→ **DATA SHOWN**
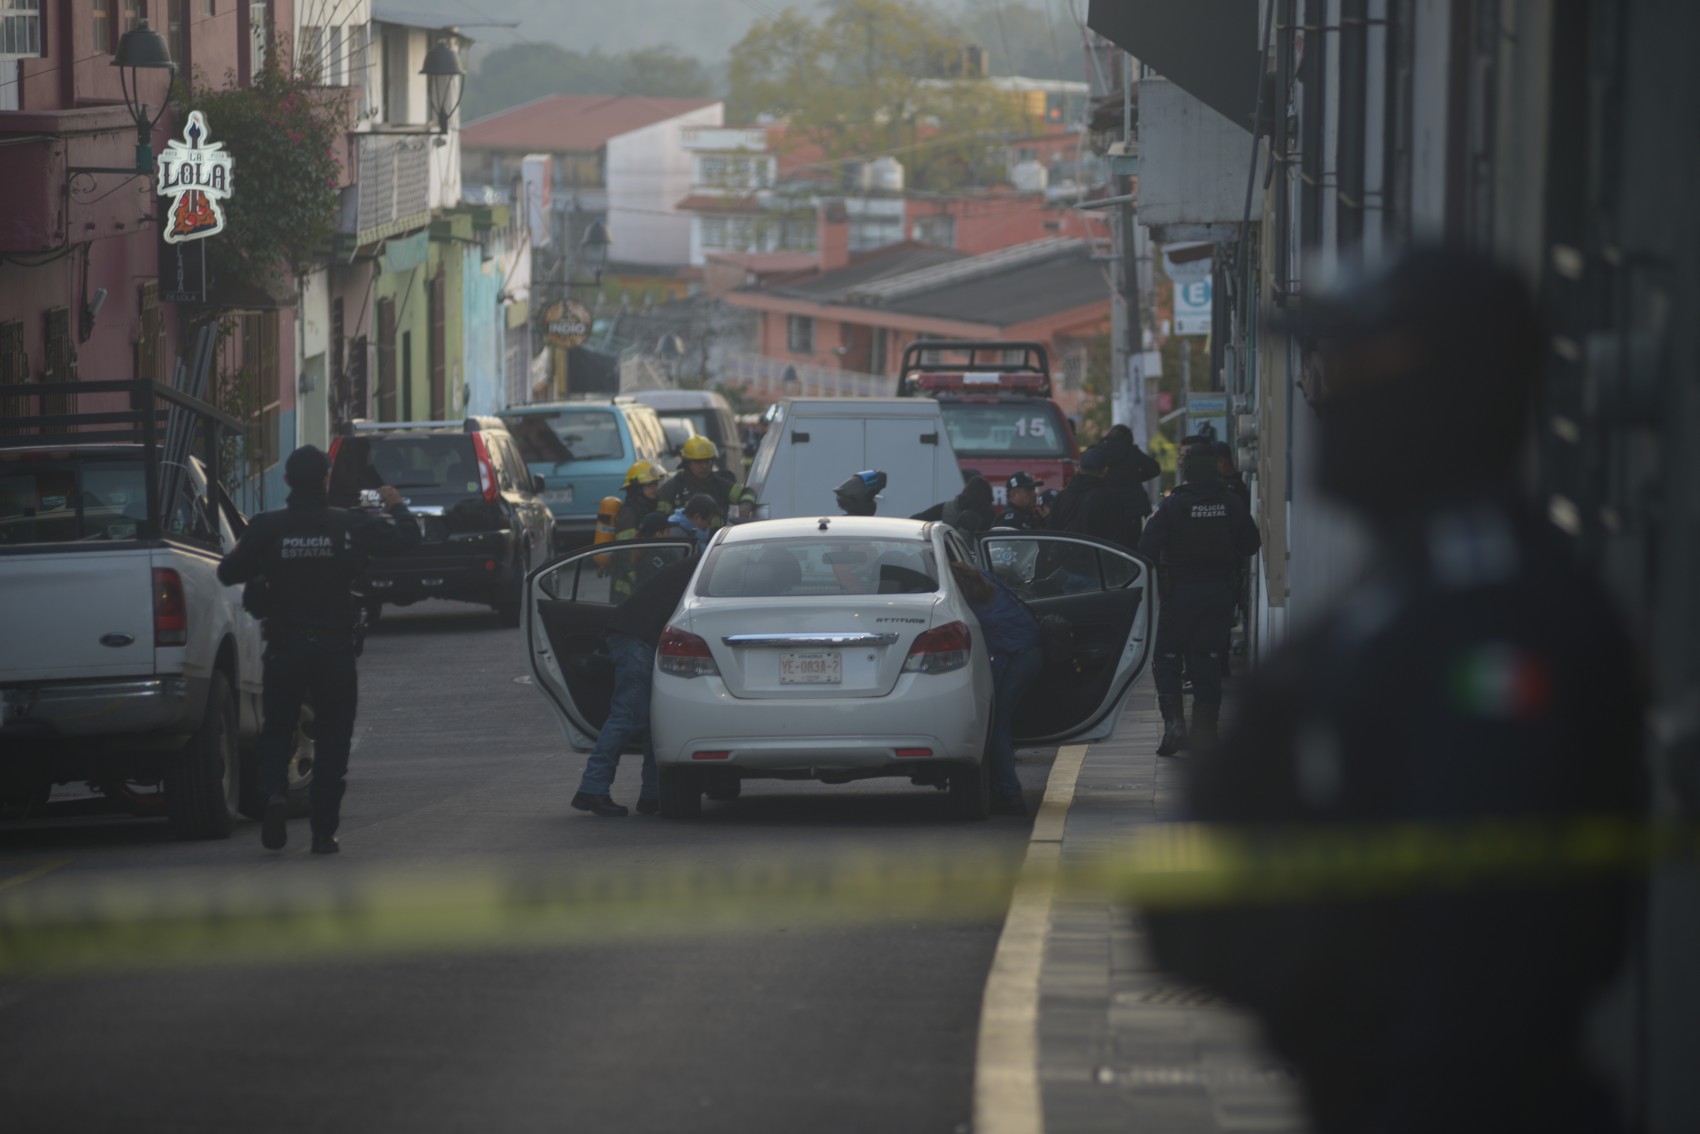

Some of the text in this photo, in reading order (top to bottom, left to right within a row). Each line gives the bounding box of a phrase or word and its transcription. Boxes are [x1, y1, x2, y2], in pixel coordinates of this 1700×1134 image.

[189, 152, 202, 162] LA
[162, 162, 225, 191] LOLA
[548, 323, 586, 336] INDIO
[1015, 418, 1046, 437] 15
[281, 548, 335, 558] ESTATAL

→ **YOUR INSTRUCTIONS**
Copy out the whole listing exactly. Skip its pictures.

→ **RESULT OF THE EXERCISE**
Some of the text in this photo, in reading order (top to bottom, left to right within a row). Each line gives the bounding box of a phrase or word and its transcription. Boxes are [x1, y1, x2, y2], in pixel coordinates of this 1700×1134 image.

[189, 152, 202, 162] LA
[162, 162, 225, 191] LOLA
[548, 323, 586, 336] INDIO
[1015, 418, 1046, 437] 15
[281, 548, 335, 558] ESTATAL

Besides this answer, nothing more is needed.